Please restate, word for word, each line from the one containing "this 2351×1568 image." through the end of the entries below.

*-*-*

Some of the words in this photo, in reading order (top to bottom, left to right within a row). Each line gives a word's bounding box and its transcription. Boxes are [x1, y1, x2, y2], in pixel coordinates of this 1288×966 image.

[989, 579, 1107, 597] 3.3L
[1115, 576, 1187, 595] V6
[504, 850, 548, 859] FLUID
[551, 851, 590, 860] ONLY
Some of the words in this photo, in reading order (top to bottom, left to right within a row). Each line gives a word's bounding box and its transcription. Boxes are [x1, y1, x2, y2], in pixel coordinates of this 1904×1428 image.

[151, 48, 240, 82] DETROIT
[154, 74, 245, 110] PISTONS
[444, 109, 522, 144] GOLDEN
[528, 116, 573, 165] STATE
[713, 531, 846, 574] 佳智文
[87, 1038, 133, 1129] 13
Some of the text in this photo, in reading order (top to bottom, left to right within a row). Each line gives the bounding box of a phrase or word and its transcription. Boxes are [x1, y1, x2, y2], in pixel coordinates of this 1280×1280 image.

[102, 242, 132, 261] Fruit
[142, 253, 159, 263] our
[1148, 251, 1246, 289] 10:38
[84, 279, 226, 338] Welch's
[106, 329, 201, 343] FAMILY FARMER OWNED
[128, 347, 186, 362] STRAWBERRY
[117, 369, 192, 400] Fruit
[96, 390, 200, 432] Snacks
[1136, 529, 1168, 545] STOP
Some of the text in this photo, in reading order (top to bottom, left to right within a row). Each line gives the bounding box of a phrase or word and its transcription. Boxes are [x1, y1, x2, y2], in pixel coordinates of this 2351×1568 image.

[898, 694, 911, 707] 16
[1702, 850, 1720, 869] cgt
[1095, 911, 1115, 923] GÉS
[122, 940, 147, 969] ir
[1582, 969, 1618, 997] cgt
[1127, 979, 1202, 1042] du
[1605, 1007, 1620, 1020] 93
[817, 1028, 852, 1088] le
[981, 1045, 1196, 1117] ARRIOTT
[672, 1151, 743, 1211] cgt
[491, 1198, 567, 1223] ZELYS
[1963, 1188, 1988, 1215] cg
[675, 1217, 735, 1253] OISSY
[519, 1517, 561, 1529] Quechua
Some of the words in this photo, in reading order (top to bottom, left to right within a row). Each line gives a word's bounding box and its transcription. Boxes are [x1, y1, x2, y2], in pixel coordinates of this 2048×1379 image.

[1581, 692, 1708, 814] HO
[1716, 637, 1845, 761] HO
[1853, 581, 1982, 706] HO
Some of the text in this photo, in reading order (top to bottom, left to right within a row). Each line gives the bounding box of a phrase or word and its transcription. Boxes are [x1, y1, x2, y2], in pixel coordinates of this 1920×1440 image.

*-*-*

Response —
Some of the text in this photo, in reading order (top to bottom, left to right within a row). Each line gives the bounding box of a phrase or word and its transcription. Boxes are [x1, y1, x2, y2], in pixel coordinates of this 2351×1568 image.

[898, 694, 911, 707] 16
[1702, 850, 1720, 869] cgt
[1095, 911, 1115, 923] GÉS
[122, 940, 147, 969] ir
[1582, 969, 1618, 997] cgt
[1127, 979, 1202, 1042] du
[1605, 1007, 1620, 1020] 93
[817, 1028, 852, 1088] le
[981, 1045, 1196, 1117] ARRIOTT
[672, 1151, 743, 1211] cgt
[491, 1198, 567, 1223] ZELYS
[1963, 1188, 1988, 1215] cg
[675, 1217, 735, 1253] OISSY
[519, 1517, 561, 1529] Quechua
Some of the words in this photo, in reading order (top to bottom, left to right within a row). Each line gives a word's bounding box and its transcription. Boxes are [x1, y1, x2, y2], in pixel coordinates of this 2048×1379 image.

[1581, 692, 1708, 814] HO
[1716, 637, 1845, 761] HO
[1853, 581, 1982, 706] HO
Some of the text in this photo, in reading order (top to bottom, left to right within a row). Each line gives the bounding box of a phrase or word and its transcription. Boxes are [x1, y1, x2, y2], in pixel coordinates of this 1920×1440 image.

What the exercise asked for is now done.